La alarma de tsunami fue difundida a través del Sistema Nacional de Alarma de Maremotos (SNAM), que estimó horarios de posible arribo de olas anómalas en distintas locaciones: a las 11:35 en la Base Prat de la Antártida, a las 13:49 en Caleta Meteoro, a las 14:50 en Puerto Williams y a las 2:25 del sábado en Punta Arenas.
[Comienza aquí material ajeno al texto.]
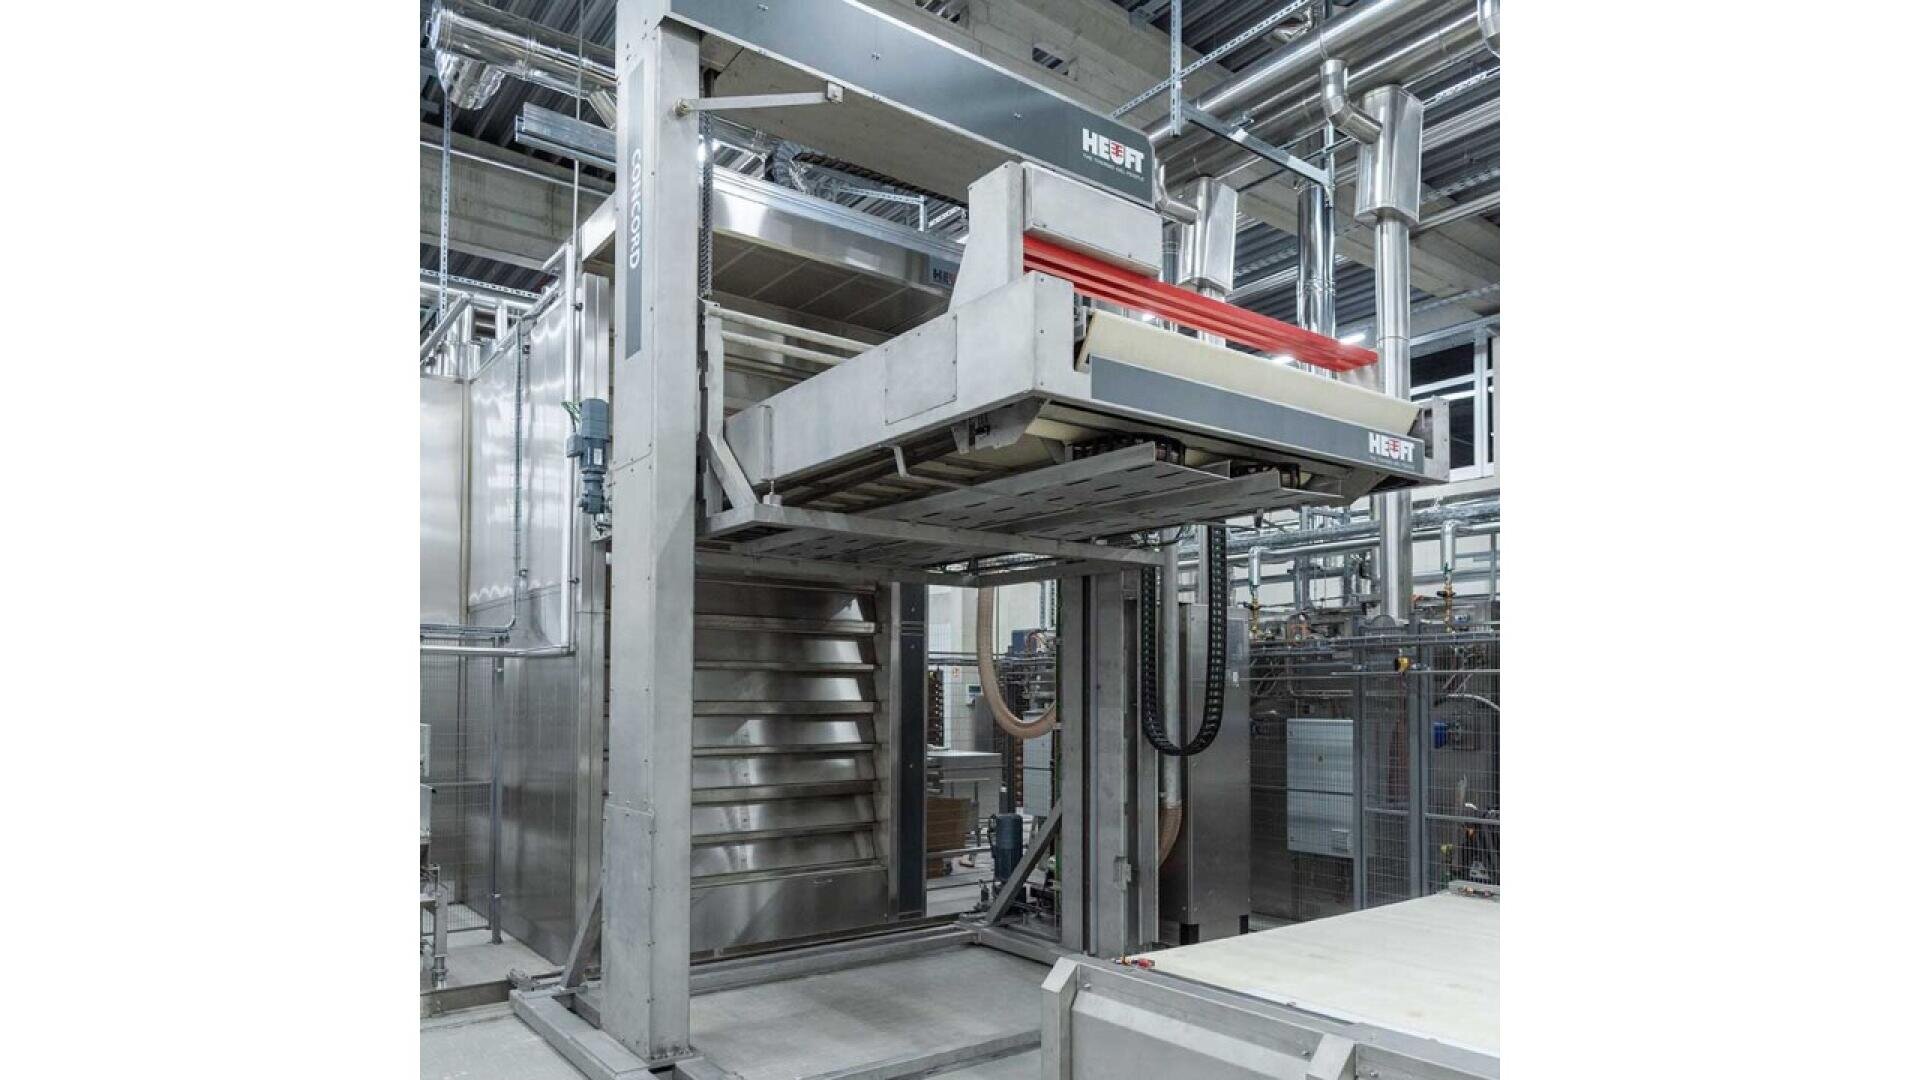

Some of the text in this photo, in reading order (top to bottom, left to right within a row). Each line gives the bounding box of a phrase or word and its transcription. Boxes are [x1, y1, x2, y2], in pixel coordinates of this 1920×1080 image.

[1082, 127, 1145, 174] HEUFT
[629, 148, 642, 270] CONCORD
[1368, 431, 1414, 463] HEUFT
Sin embargo, las mediciones realizadas horas después indicaron que los efectos en el nivel del mar fueron mínimos. La directora de Senapred, Alicia Cebrián López, explicó que se registraron aumentos de apenas 6 centímetros en las bases antárticas chilenas y de 23 centímetros en una base ucraniana, lo cual se clasificó como un “tsunami instrumental”, perceptible solo por instrumentos técnicos. “No se han registrado daños ni víctimas, y el fenómeno no fue observable a simple vista”, detalló.

A la luz de estos datos, las autoridades chilenas resolvieron anular la alerta de tsunami, pero mantuvieron activa la recomendación de evitar acercarse a las costas hasta nuevo aviso. “Pedimos a la población no detenerse en la costanera ni regresar a zonas bajas hasta que se descarte totalmente el riesgo de fenómenos marítimos secundarios o réplicas”, señalaron desde Senapred.
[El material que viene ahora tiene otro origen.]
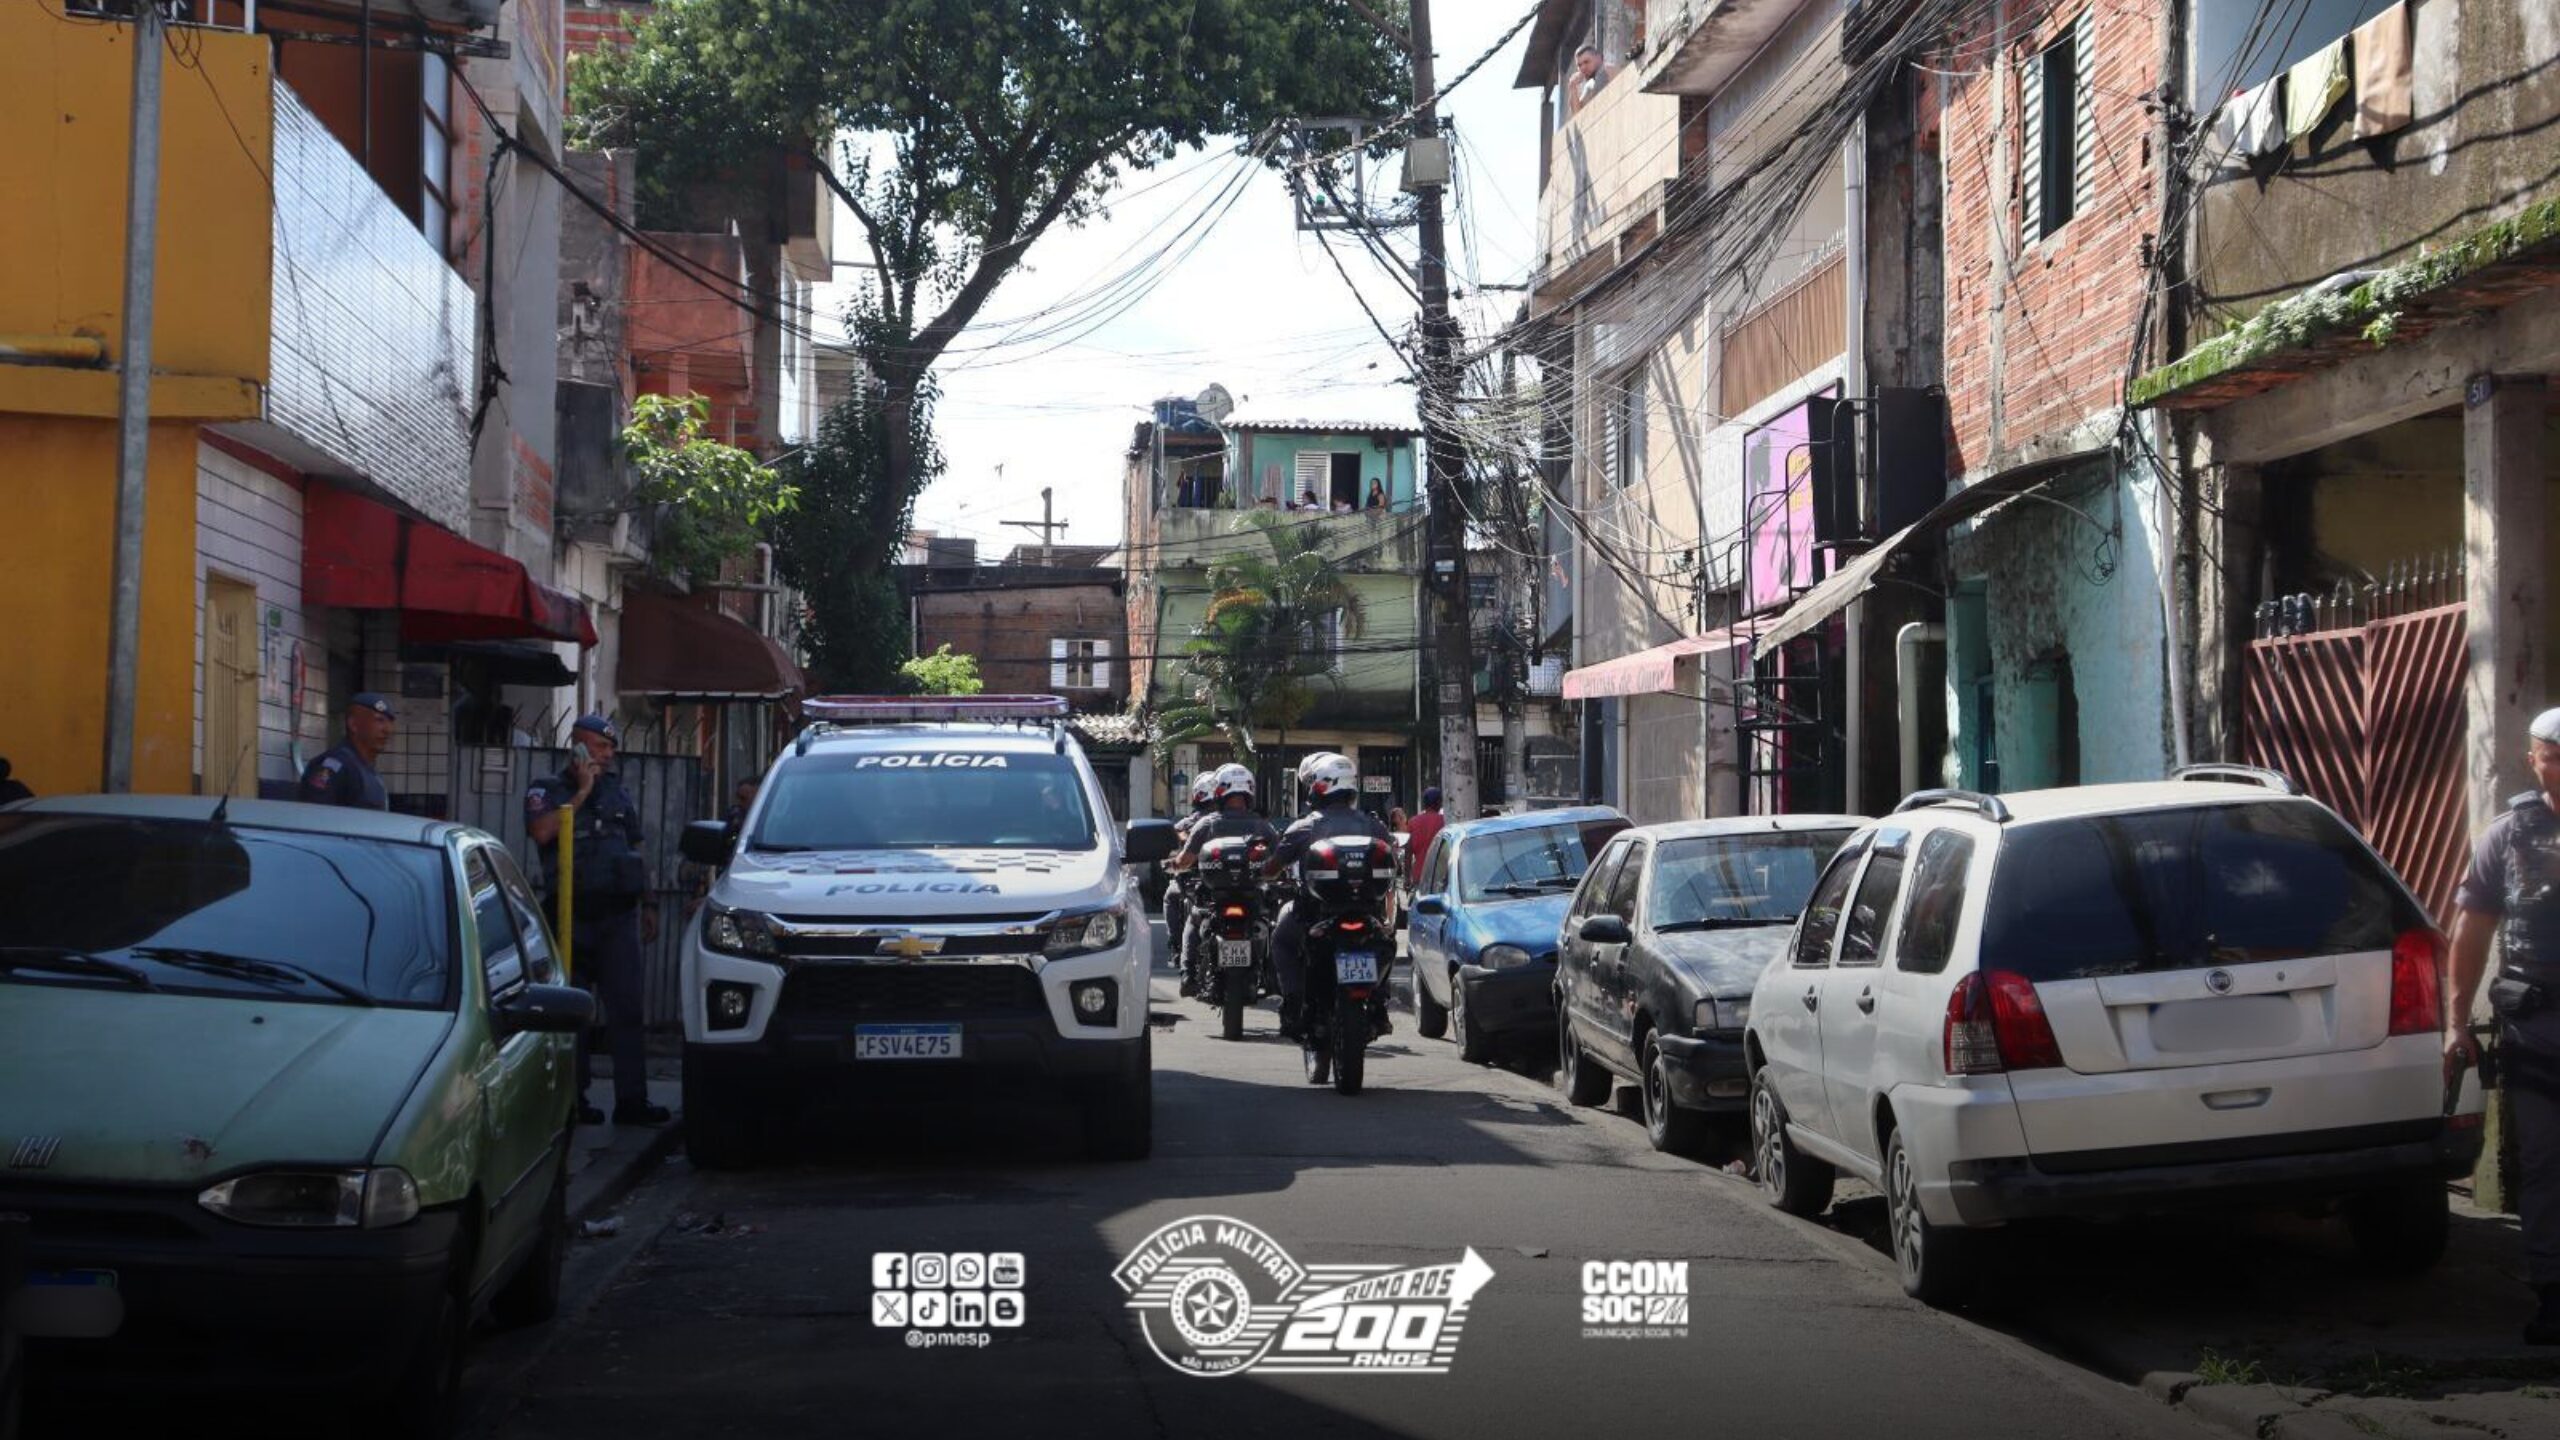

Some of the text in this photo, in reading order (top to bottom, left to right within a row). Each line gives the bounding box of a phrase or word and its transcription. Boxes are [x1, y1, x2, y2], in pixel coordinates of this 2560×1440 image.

[855, 753, 1007, 768] POLÍCIA
[825, 882, 1001, 896] POLÍCIA
[866, 1035, 951, 1055] FSV4E75
El presidente Boric suspendió su agenda pública para monitorear la situación desde el Palacio de La Moneda. “Llamamos a evacuar el borde costero en toda la Región de Magallanes. En estos momentos, nuestro deber es prevenir y hacer caso a las autoridades. Todos los recursos del Estado están a disposición”, escribió en su cuenta de X (ex Twitter). Posteriormente, la Presidencia informó que el mandatario presidía el Comité de Gestión de Riesgos de Desastres (Cogrid) nacional, que se reunió de forma virtual y presencial con autoridades de todas las carteras para coordinar respuestas y seguir la evolución del fenómeno.

Las escenas de evacuación se vivieron con tranquilidad y sin incidentes graves. En Punta Arenas, donde también se había ordenado despejar la zona costera, muchas personas ya comenzaron a regresar a sus hogares tras el levantamiento de la alerta. El subdirector de gestión de Senapred, Miguel Ortiz, pidió a los habitantes “mantenerse informados por canales oficiales” y no bajar la guardia ante eventuales réplicas.

Expertos sismólogos explicaron que este tipo de movimientos en el extremo sur del continente, aunque poco frecuentes, no son inusuales dada la interacción entre las placas tectónicas de Nazca, Sudamericana y Antártica. La región de Magallanes, si bien es menos sísmica que otras del territorio chileno, presenta zonas vulnerables por su cercanía a fallas geológicas activas.

Hasta el momento no se han registrado daños materiales ni víctimas fatales en Chile ni en la Argentina. Las fuerzas de seguridad y los organismos de emergencia permanecen desplegados en la región, particularmente en Tierra del Fuego, para continuar con tareas de prevención y monitoreo. El gobierno chileno reiteró que seguirá evaluando la situación minuta a minuto y emitirá nuevos reportes oficiales si se presentan cambios en el escenario.

La jornada de este jueves sirvió para poner a prueba los sistemas de alerta y evacuación en una región donde la infraestructura es limitada y las condiciones geográficas suponen desafíos particulares para la respuesta ante catástrofes. Aunque el evento no generó consecuencias graves, dejó en evidencia la necesidad de mantener activos y actualizados los protocolos de emergencia, tanto en Chile como en el sur argentino.